Following its success with Slack, Harvard Business Review expands bot strategy

“Our focus has been on how we increase the number of people having very regular, frequent interactions with HBR content,” according to Walt Frick, senior editor. “We know that that’s one of the biggest predictors of getting people to subscribe, and so, we thought a lot about what are the daily, or at least, weekly interactions people could have with HBR content that might introduce them to the brand, and potentially get them to subscribe.”

Walt Fritz headshot ()

In the last year and a half, Harvard Business Review has been focusing on chat as a platform to reach their audience and new audiences. “We think these are really great opportunities for people to have regular interaction with our content,” Frick said.

***Don’t miss Josh Macht, EVP and group publisher of Harvard Business Review, at the upcoming 41st FIPP World Congress, where he will deliver a keynote on future trends for publishers. Find out more and/or register at***

As a platform, Facebook Messenger appealed because of its scale and potential HBR audience. “And, it’s an intimate interaction in the sense that you get a mobile notification when we send you a message and you’re interacting with us in a channel that you would otherwise be messaging with friends,” he said. “The overall hope is you sign up and every morning you’ll get the latest articles from HBR sent to you in that chat channel, with a notification on your phone.”

The new bot is aimed at a couple of different audiences, Frick explained: at the existing Harvard Business Review subscriber audience who are loyal and highly-engaged, and also at a broader audience who are not yet paying subscribers but working professionals who are interested in what HBR has to say.

These bots (Slack and FB Messenger) are the first step in bot-evolution for the Harvard Business Review, according to Frick.

“Our first step has been, lets go to these chat platforms we know people are already using, where we know there are significant audiences, including people who interact with us in other ways, and lets do what we already know how to do very well, which is take high-quality content and share it with those audiences in ways they find interesting and compelling.”

Currently, they’re taking baby steps rather than giant leaps with their bots, Frick explained. “Content delivery is something we know we can do very well from the get-go, so that’s where we started,” he said. “So far, our focus has been on the fact we can tie frequency to subscription.”

Frick explained they wanted to launch the simplest possible version of a bot for a few reasons. “One, we wanted to get it out quickly, and two, we wanted to validate our hope that our audience was on Facebook Messenger,” he said. 

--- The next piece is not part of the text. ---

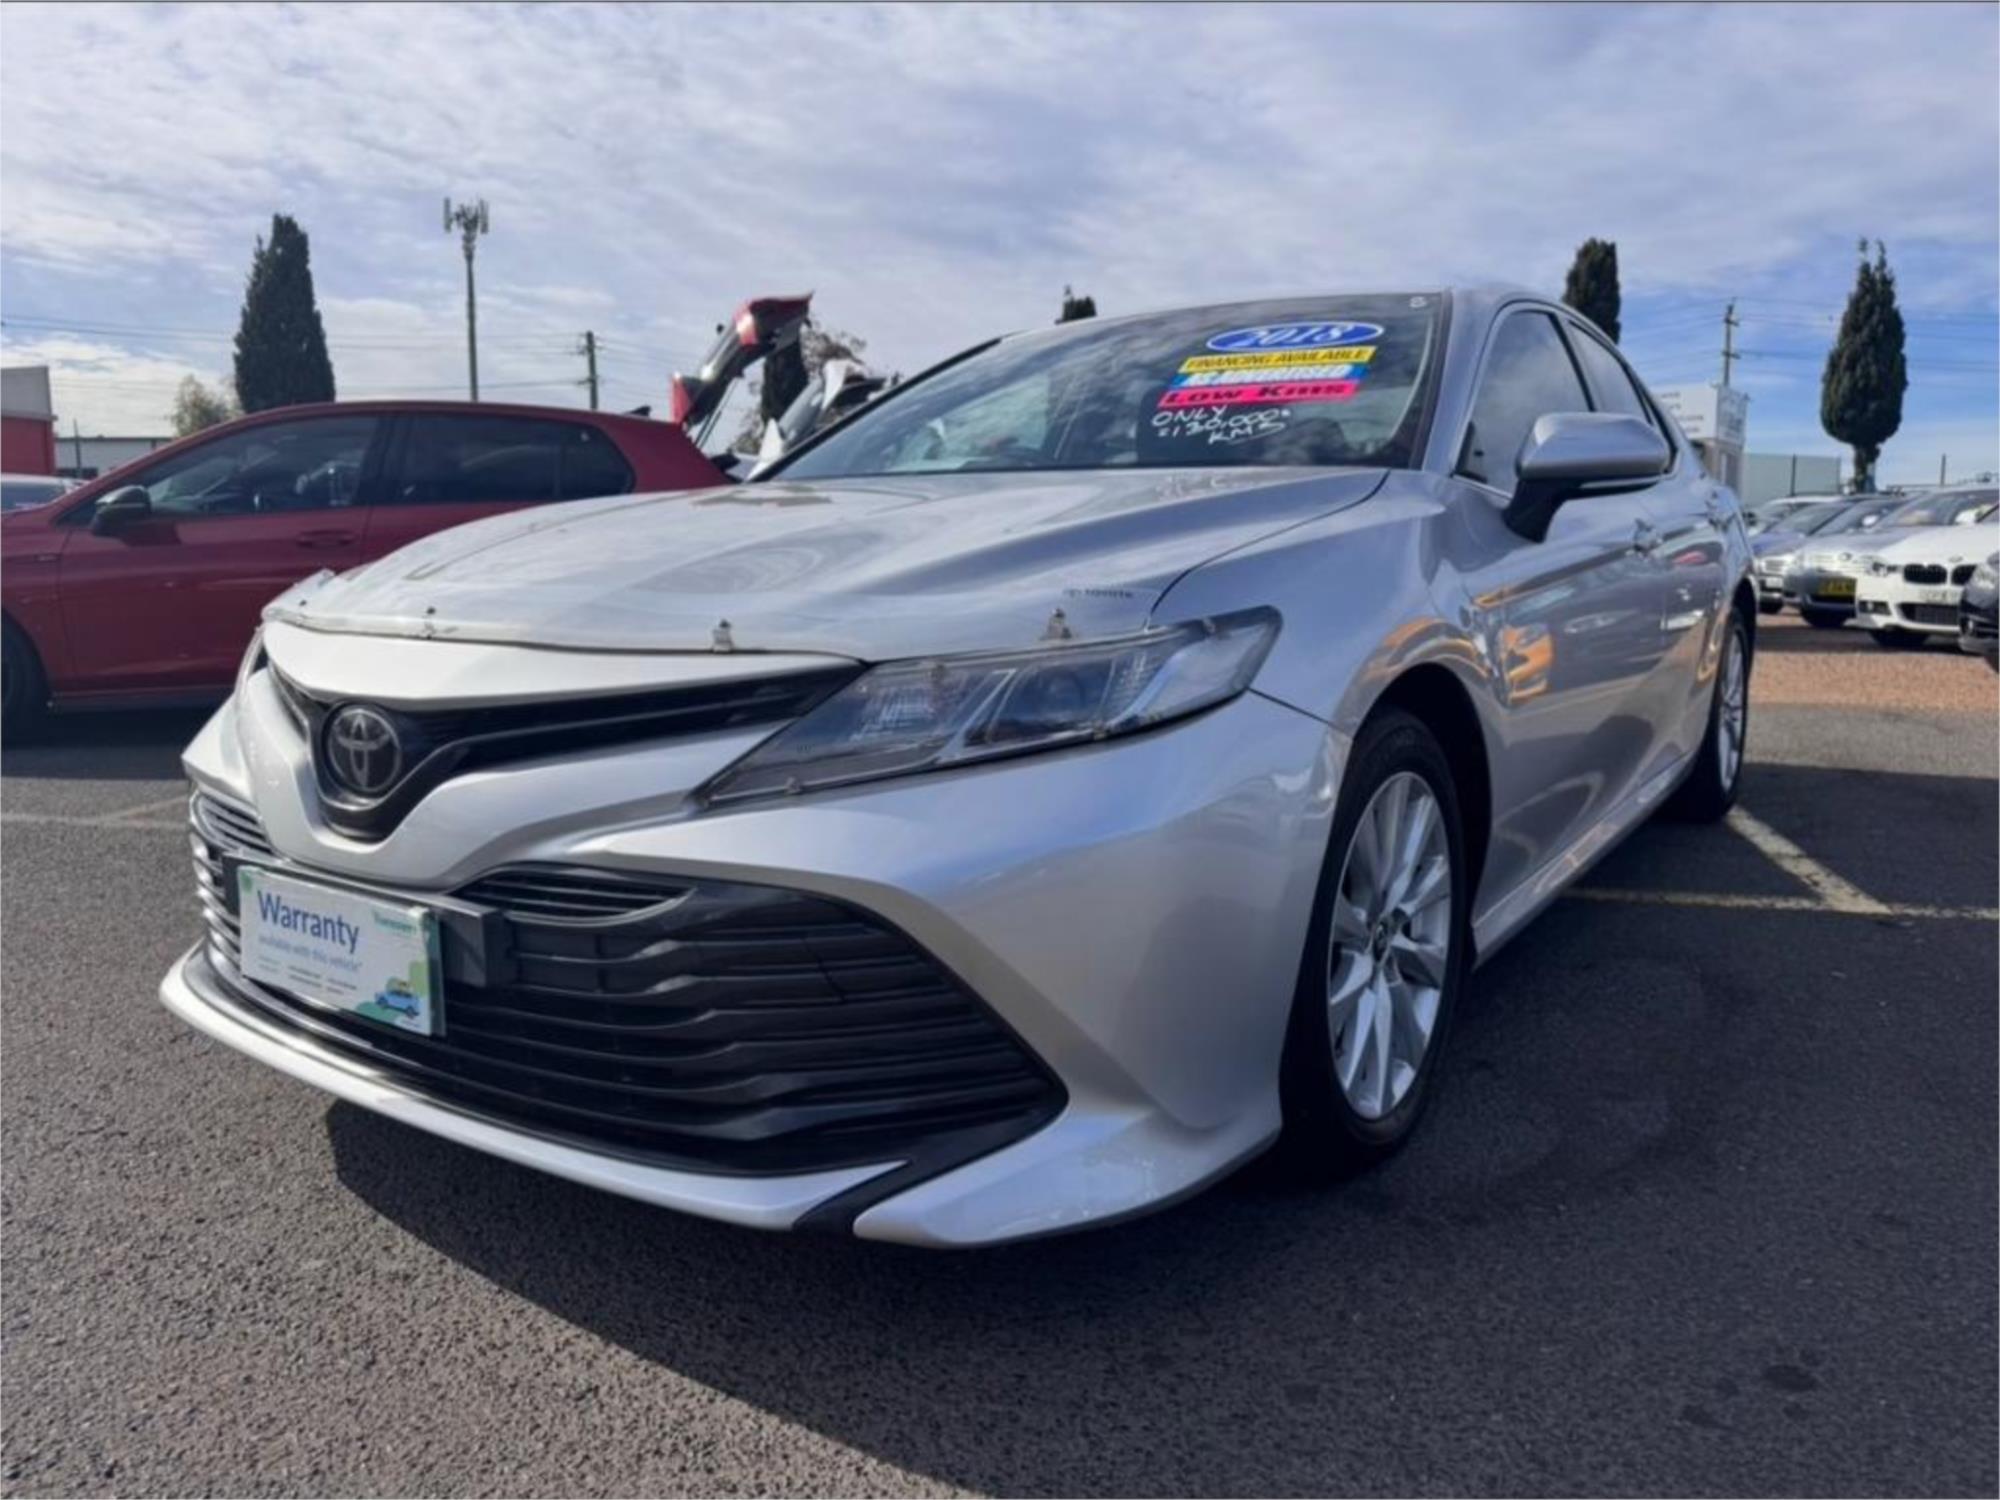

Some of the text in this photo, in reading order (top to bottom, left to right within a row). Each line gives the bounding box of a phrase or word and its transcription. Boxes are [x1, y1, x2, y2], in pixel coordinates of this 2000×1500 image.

[1228, 324, 1356, 348] 2018
[1152, 404, 1228, 426] ONLY
[257, 890, 360, 954] Warranty

If they confirm that there is a large group of people on Facebook Messenger who want to hear from HBR in their messages (rather than on social media or email), then that will lead to the next question: “could we convert it into a more bot-like experience, where you’re either dealing with a pre-programmed question and answer system, or some sort of machine-learning-driven system?”

HBR messenger bot ()

Building off Slack success

This new Messenger bot comes after Harvard Business Review’s success with their first bot on the Slack platform, which was launched last year.

“We’re really pleased with how it’s done since its launch,” Frick said. “In some ways, our Slack bot was the riskier of the two. With Facebook, while we still need to see how it performs, because the Facebook Messenger audience is absolutely huge, in some ways, that’s a little bit safer.” 

With Slack, there were very few publisher bots or content delivery experiences in Slack, he explained. “So we felt we were taking a bigger risk, but Slack is primarily how people work and so it seemed really well aligned with our content.”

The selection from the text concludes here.